:: Input data ::
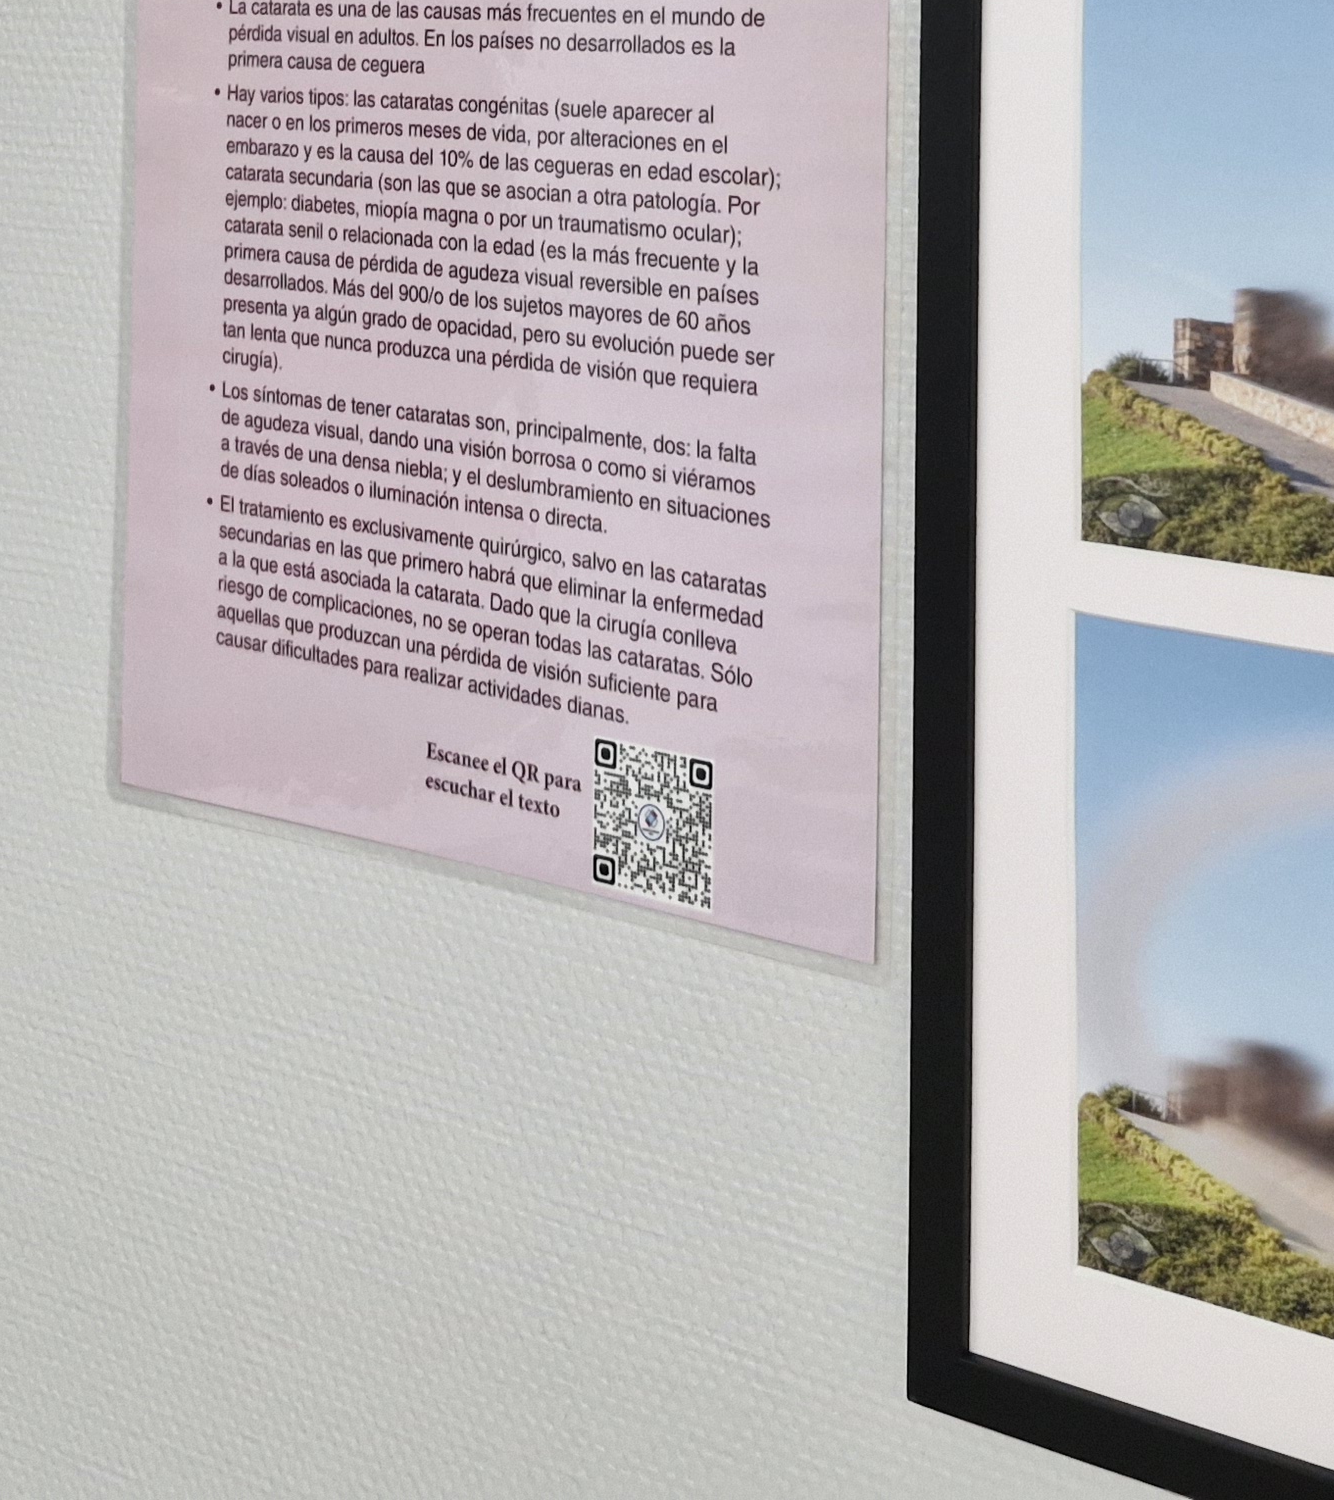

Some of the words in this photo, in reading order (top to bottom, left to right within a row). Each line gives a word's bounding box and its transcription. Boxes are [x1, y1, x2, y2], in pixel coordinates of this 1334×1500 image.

[228, 54, 283, 70] primera
[287, 56, 332, 70] causa
[337, 54, 356, 72] de
[361, 58, 425, 77] ceguera
[227, 84, 255, 106] Hay
[260, 90, 304, 104] varios
[309, 89, 344, 109] tipos:
[353, 90, 375, 108] las
[380, 93, 454, 112] cataratas
[459, 96, 549, 118] congénitas
[555, 98, 607, 120] (suele
[613, 105, 693, 124] aparecer
[698, 105, 714, 124] al
[225, 192, 283, 212] ejemplo:
[291, 194, 359, 217] diabetes,
[365, 202, 417, 222] miopía
[423, 207, 478, 228] magna
[484, 212, 494, 226] o
[500, 213, 527, 231] por
[532, 215, 553, 230] un
[558, 214, 667, 239] traumatismo
[673, 224, 741, 248] ocular);
[224, 268, 324, 294] desarrollados.
[333, 277, 365, 298] Más
[370, 282, 393, 300] del
[399, 284, 444, 305] 900/o
[449, 289, 469, 307] de
[475, 291, 498, 310] los
[504, 298, 563, 318] sujetos
[569, 304, 642, 325] mayores
[648, 308, 670, 327] de
[676, 310, 699, 330] 60
[705, 314, 751, 335] años
[222, 350, 278, 373] cirugía).
[221, 461, 239, 479] de
[243, 464, 275, 484] días
[281, 471, 349, 495] soleados
[354, 483, 364, 497] o
[369, 481, 459, 510] iluminación
[465, 498, 523, 521] intensa
[529, 508, 540, 523] o
[545, 507, 607, 533] directa.
[216, 632, 267, 652] causar
[271, 639, 359, 670] dificultades
[363, 659, 399, 678] para
[405, 666, 463, 690] realizar
[468, 679, 561, 710] actividades
[567, 696, 629, 724] dianas.
[425, 741, 490, 772] Escanee
[492, 756, 507, 776] el
[511, 760, 540, 785] QR
[543, 771, 582, 793] para
[424, 775, 496, 803] escuchar
[499, 788, 514, 808] el
[517, 793, 561, 818] texto
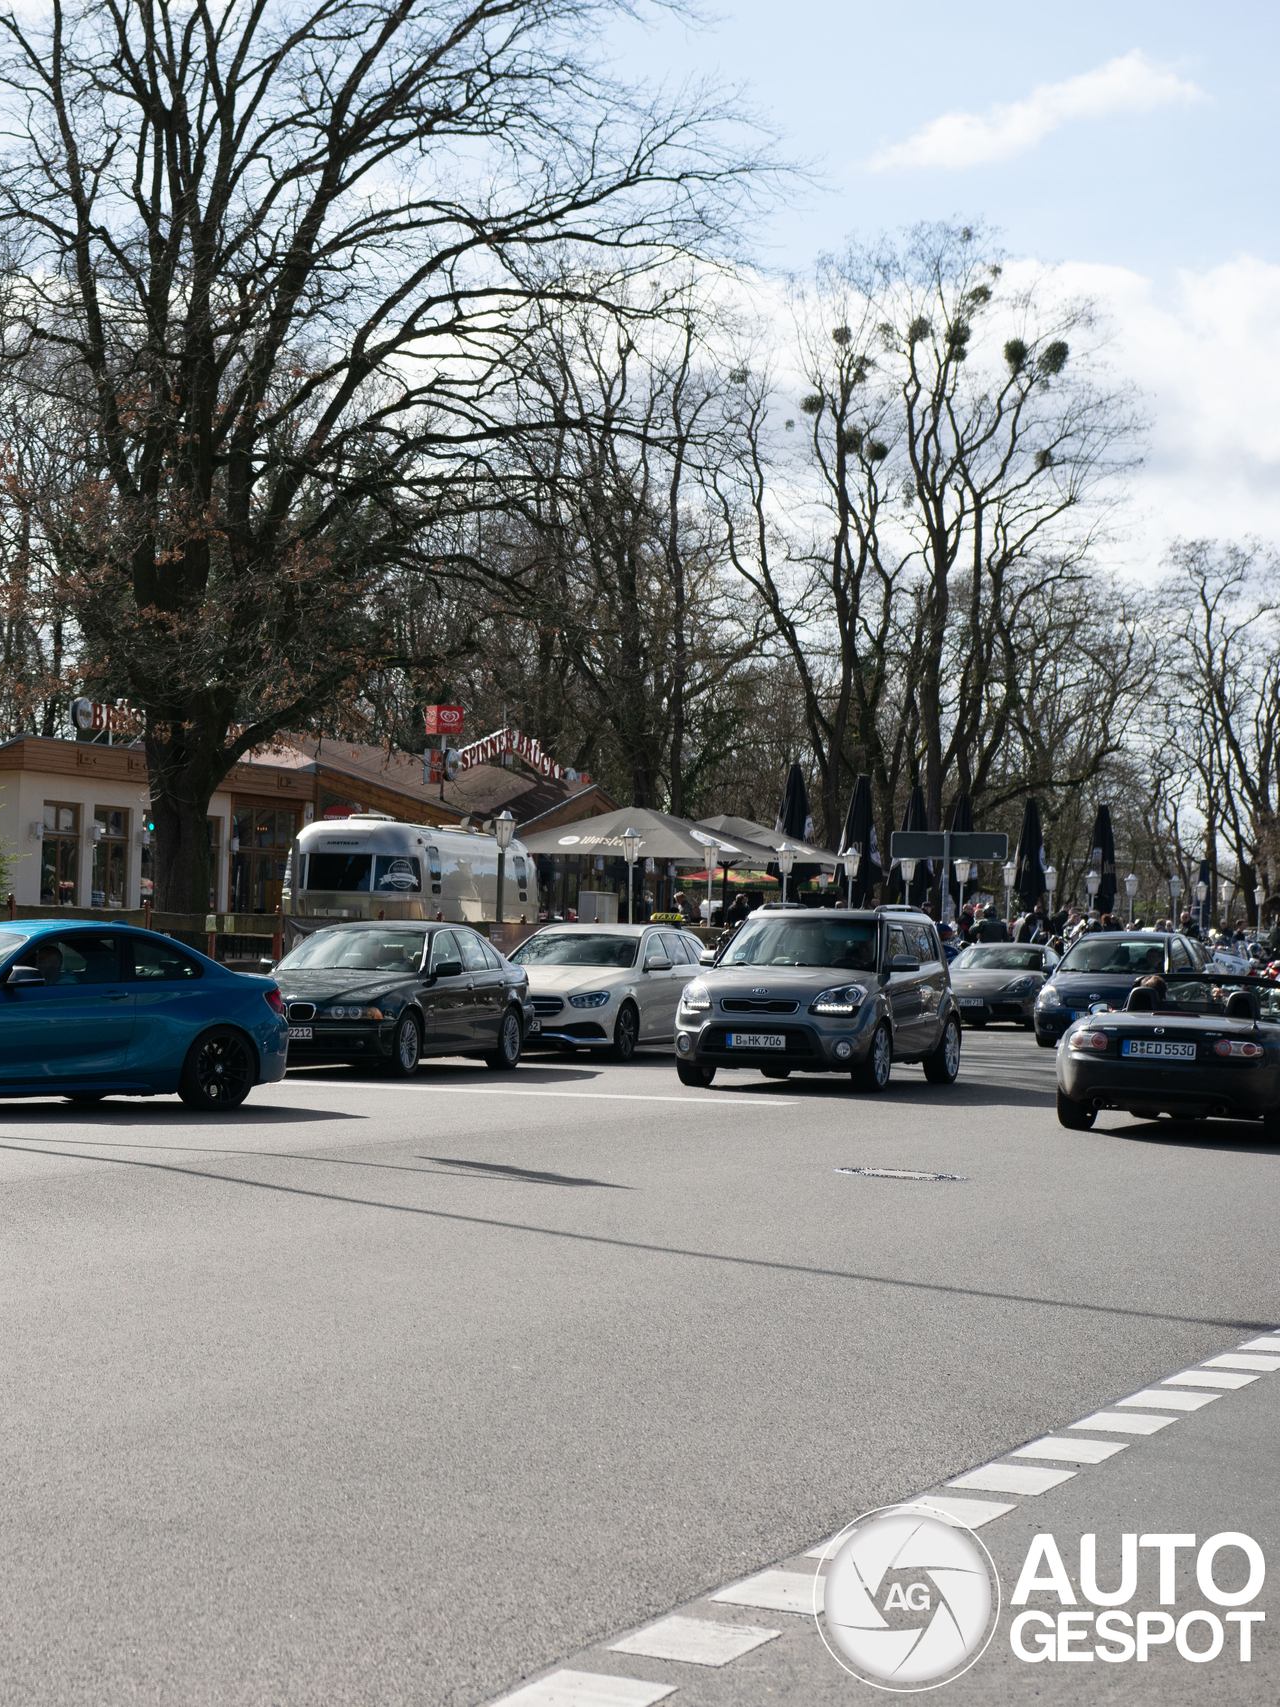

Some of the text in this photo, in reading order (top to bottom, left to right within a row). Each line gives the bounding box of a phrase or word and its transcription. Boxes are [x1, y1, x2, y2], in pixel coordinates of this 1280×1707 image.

[289, 1028, 311, 1038] 2212
[736, 1036, 781, 1046] B HK 706
[1130, 1042, 1194, 1056] B ED 5530

:: Task to complete ::
Copy out the full material exactly. Pictures should not appear in it.

:: Answer for this exercise ::
Some of the words in this photo, in reading order (top to bottom, left to right within a row). Each line gives a word's bounding box and its transcription. Boxes are [x1, y1, x2, y2], in pixel coordinates of this 1334×1500 image.

[228, 54, 283, 70] primera
[287, 56, 332, 70] causa
[337, 54, 356, 72] de
[361, 58, 425, 77] ceguera
[227, 84, 255, 106] Hay
[260, 90, 304, 104] varios
[309, 89, 344, 109] tipos:
[353, 90, 375, 108] las
[380, 93, 454, 112] cataratas
[459, 96, 549, 118] congénitas
[555, 98, 607, 120] (suele
[613, 105, 693, 124] aparecer
[698, 105, 714, 124] al
[225, 192, 283, 212] ejemplo:
[291, 194, 359, 217] diabetes,
[365, 202, 417, 222] miopía
[423, 207, 478, 228] magna
[484, 212, 494, 226] o
[500, 213, 527, 231] por
[532, 215, 553, 230] un
[558, 214, 667, 239] traumatismo
[673, 224, 741, 248] ocular);
[224, 268, 324, 294] desarrollados.
[333, 277, 365, 298] Más
[370, 282, 393, 300] del
[399, 284, 444, 305] 900/o
[449, 289, 469, 307] de
[475, 291, 498, 310] los
[504, 298, 563, 318] sujetos
[569, 304, 642, 325] mayores
[648, 308, 670, 327] de
[676, 310, 699, 330] 60
[705, 314, 751, 335] años
[222, 350, 278, 373] cirugía).
[221, 461, 239, 479] de
[243, 464, 275, 484] días
[281, 471, 349, 495] soleados
[354, 483, 364, 497] o
[369, 481, 459, 510] iluminación
[465, 498, 523, 521] intensa
[529, 508, 540, 523] o
[545, 507, 607, 533] directa.
[216, 632, 267, 652] causar
[271, 639, 359, 670] dificultades
[363, 659, 399, 678] para
[405, 666, 463, 690] realizar
[468, 679, 561, 710] actividades
[567, 696, 629, 724] dianas.
[425, 741, 490, 772] Escanee
[492, 756, 507, 776] el
[511, 760, 540, 785] QR
[543, 771, 582, 793] para
[424, 775, 496, 803] escuchar
[499, 788, 514, 808] el
[517, 793, 561, 818] texto

Some of the text in this photo, in reading order (top to bottom, left to right within a row). Each line gives the bounding box of a phrase or word and its transcription. Boxes are [x1, y1, x2, y2], in pixel coordinates of this 1280×1707 image.

[289, 1028, 311, 1038] 2212
[736, 1036, 781, 1046] B HK 706
[1130, 1042, 1194, 1056] B ED 5530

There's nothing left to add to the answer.